TheGlobeandMail.com – Opinion

The story of how Remicade became Canada’s most lucrative drug with sales topping $1.1-billion – told masterfully by Globe and Mail health reporter Kelly Grant – has many sick-making elements.

The drug’s maker, Janssen, among other things:

  • Set up stand-alone infusion clinics, and sponsored infusion clinics in hospitals
  • Mounted a massive PR blitz to undermine a competing drug, Inflectra, a biosimilar that is roughly half the price
  • Wooed individual provinces with deep discounts to entice them away from a national alliance seeking to negotiate a lower price
  • Offered the first doses of Remicade to hospitals for as little as a penny in a bid to get them to get new patients using it instead of Inflectra
  • Created a support program to help patients get insurers, private and public, to pay for the drug
  • Funded patient advocacy groups, but cut them off if they supported switching to biosimilars

After perusing that list, hating Big Pharma is easy.

But nothing done to promote Remicade was illegal or unethical. Nor are these practices unique to this company or this drug.

The fact that Remicade has captured more than 95 per cent of the market, despite the availability of a lower-priced alternative, and that Canada pays more for both the brand-name and biosimilar version of the drug than most countries, speaks not so much to the evils of capitalism as it does to the wide-ranging policy-making failure.

When it comes to prescription drugs, we regulate poorly, we negotiate badly, and we provide abysmal access and even worse support to consumers.

None of that is Big Pharma’s fault.

Biologics like Remicade are relatively new. They are expensive and can require infusion rather than taking a pill. Our health delivery and payment systems were not designed for those realities.

We have absurd rules, chief among them is that prescription drugs are covered by medicare when taken in a hospital, but not necessarily when taken outside of a hospital. Only when drug costs become “catastrophic” can patients apply for financial help.

Companies, such as Janssen, set up infusion clinics to satisfy a need that the plodding public-health system failed to meet. They funded clinics inside hospitals as a work-around to ridiculous rules.

It’s all well and good to be outraged that a for-profit pharma company is insinuating itself into our sacred publicly funded system.

But shouldn’t we be equally outraged at the fact that where these clinics don’t exist, patients go to the emergency department to get their infusions? How is that a sensible use of resources?

We can tsk-tsk at how Big Pharma is aggressively promoting its wares by creating patient-support programs but, again, the services provided are desperately needed and unavailable in the public system.

For example, BioAdvance, Janssen’s patient-support initiative, helps new patients fill out the paperwork to get their drugs funded. The alternative is trying to navigate a soul-crushing bureaucracy alone. Sure, the company urges them to seek Remicade instead of Inflectra, but the alternative for many would be extended waits for care, or even no treatment at all.

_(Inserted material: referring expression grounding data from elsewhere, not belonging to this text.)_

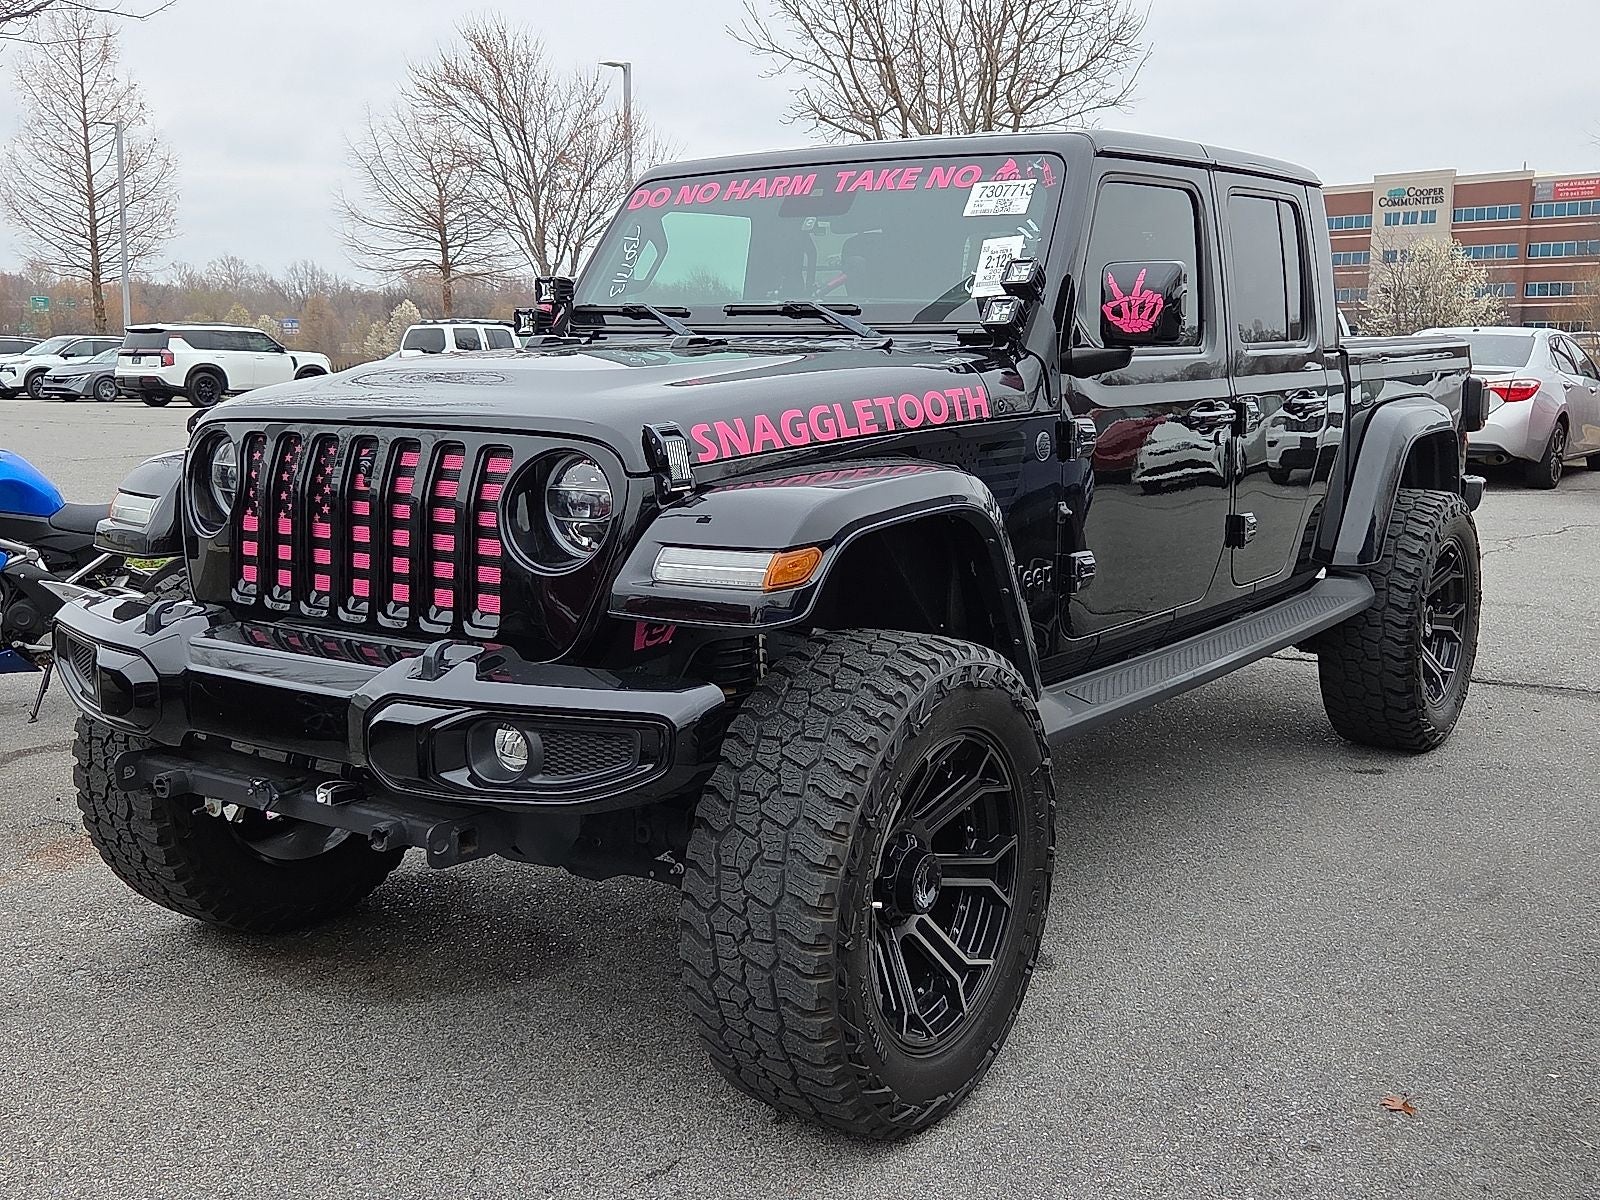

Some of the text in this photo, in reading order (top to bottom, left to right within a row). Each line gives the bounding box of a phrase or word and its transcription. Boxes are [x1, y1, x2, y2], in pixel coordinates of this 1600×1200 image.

[627, 165, 983, 210] DO NO HARM TAKE NO
[978, 183, 1036, 199] 7307713
[1379, 196, 1444, 207] COMMUNITIES
[690, 385, 990, 463] SNAGGLETOOTH
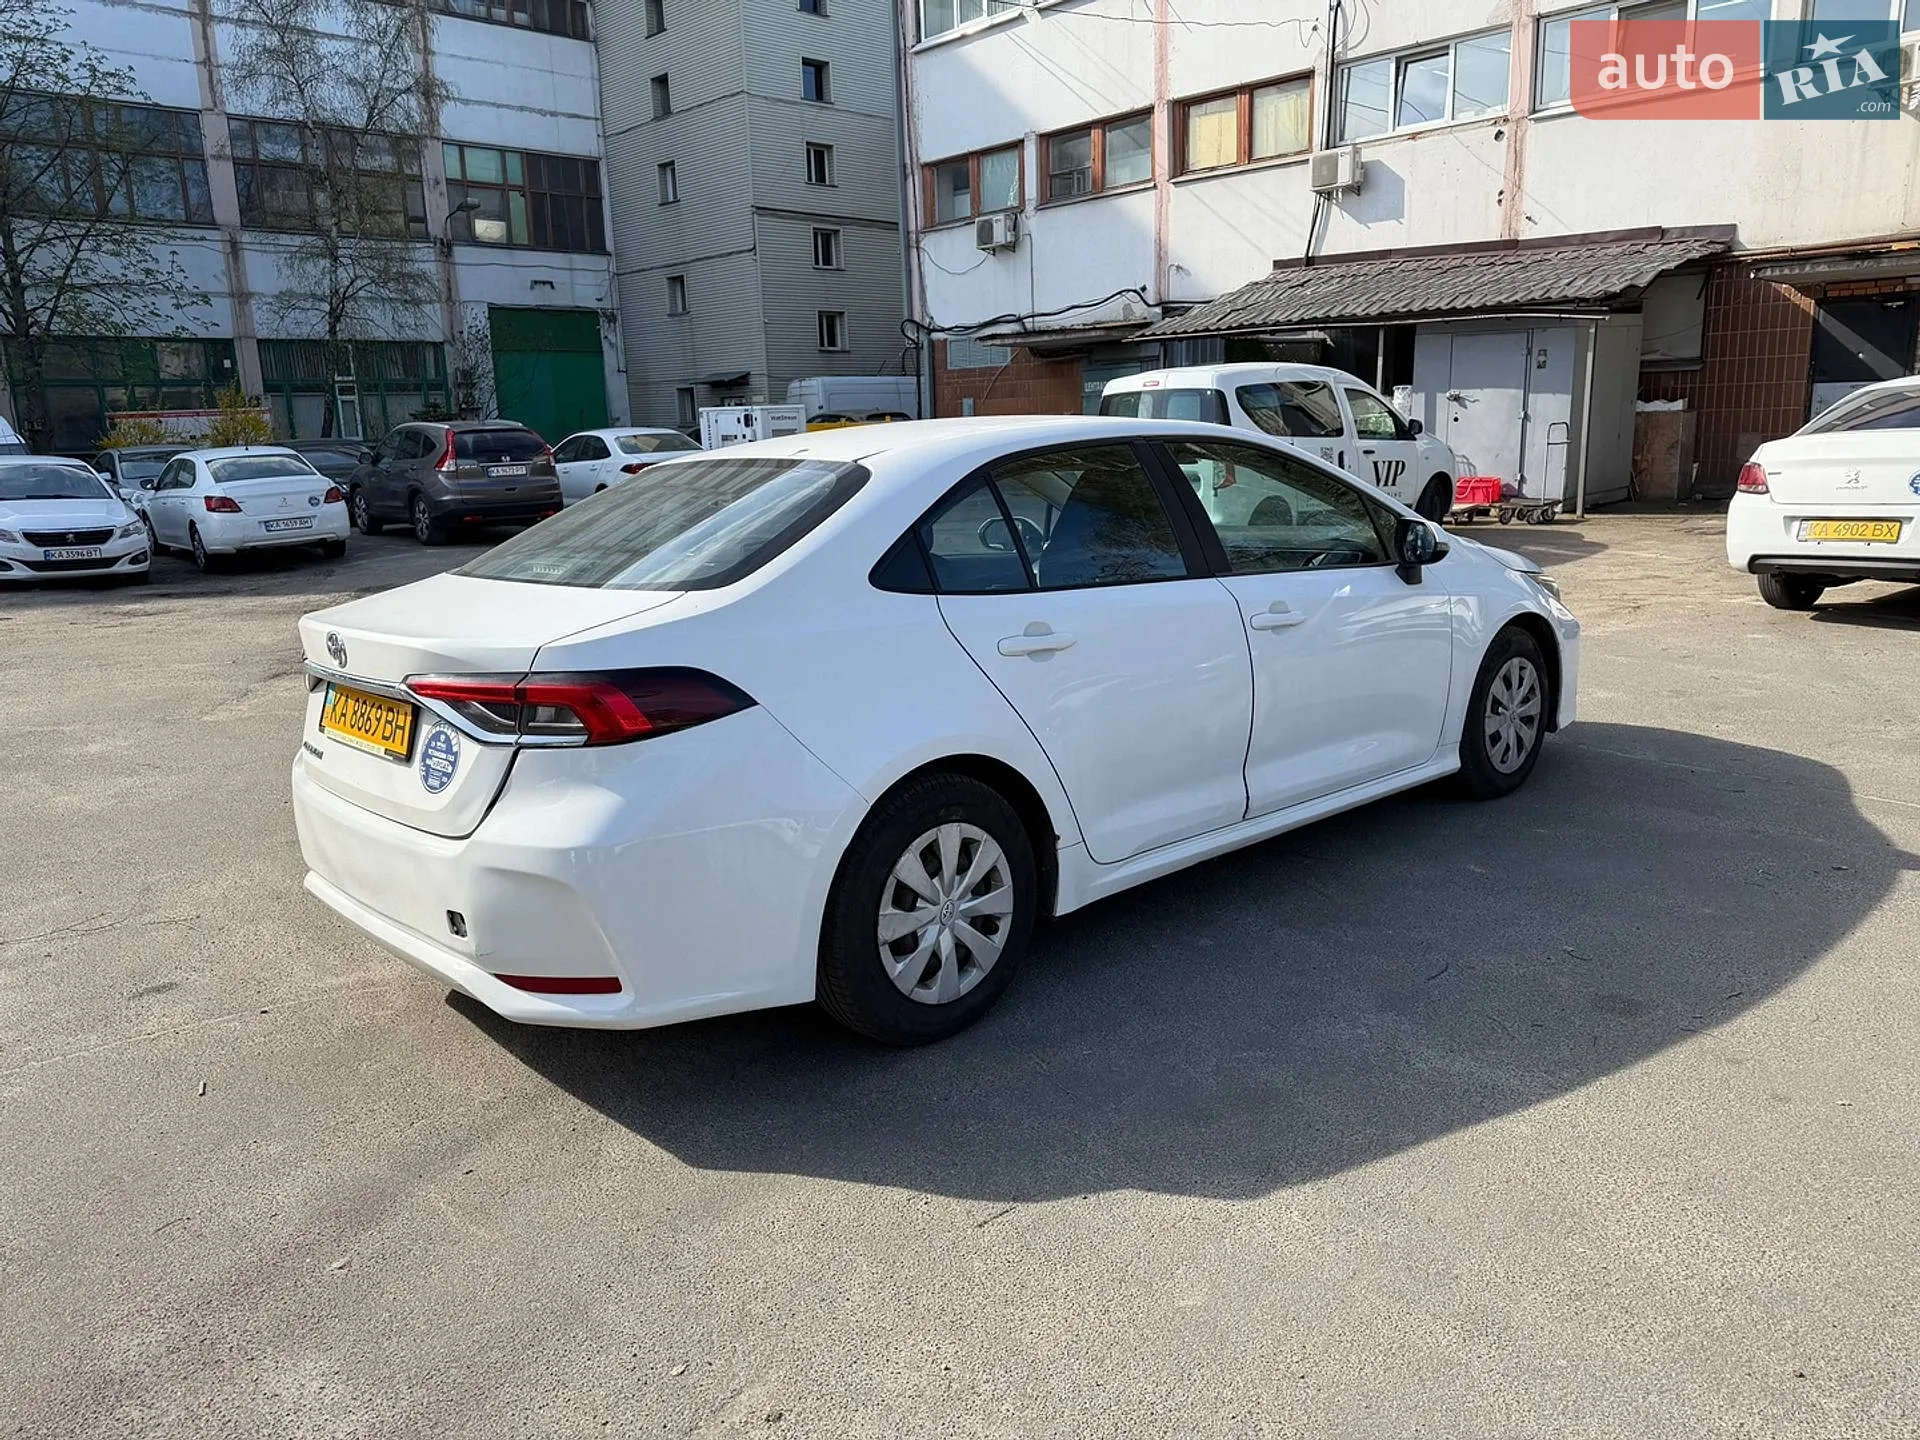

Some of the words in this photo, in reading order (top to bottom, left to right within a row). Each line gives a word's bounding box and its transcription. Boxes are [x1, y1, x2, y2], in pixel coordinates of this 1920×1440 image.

[1372, 460, 1406, 487] VIP
[1807, 523, 1828, 536] KA
[1833, 523, 1868, 536] 4902
[1871, 524, 1896, 537] BX
[50, 551, 64, 559] KA
[330, 693, 350, 727] KA
[349, 697, 384, 736] 8869
[381, 706, 408, 747] BH

If we want biosimilars to be prescribed and funded instead of brand-name drugs, then we have to make those rules clear and enforce them, as many countries do. Not place the burden on individual practitioners and patients to decide.

If governments want cheaper prices for drugs, they have to negotiate them. That includes initiatives such as the pan-Canadian Pharmaceutical Alliance to negotiate a single national price.

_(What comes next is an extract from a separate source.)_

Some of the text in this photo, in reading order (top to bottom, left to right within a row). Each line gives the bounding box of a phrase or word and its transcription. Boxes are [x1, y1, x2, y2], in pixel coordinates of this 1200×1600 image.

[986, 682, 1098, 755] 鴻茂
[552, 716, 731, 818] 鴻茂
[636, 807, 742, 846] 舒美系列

When provinces abandon the common front at the drop of a hat and are willing to sign contracts where secrecy, not transparency, is the norm, they have no one to blame but themselves for higher prices.

The Patented Medicine Prices Review Board estimated that Canada would save between $91-million and $514-million a year on biologics. Those savings can be achieved by implementing policies similar to other countries, not by whinging about pharma companies’ desire to maximize its sales/profits.

More important than short-term savings is a change of philosophy: Talking about the price of drugs is very 20th century; in the 21st century, and the impending era of personalized medicine, what matters is the value treatments provide.

For drugs such as Remicade, we should be paying, and paying fairly, when the drug works, when it delivers on a specific treatment goal. We should not be concerning ourselves with trivialities such as where it’s administered and by whom, and whether or not a pharma company has hurt our feelings.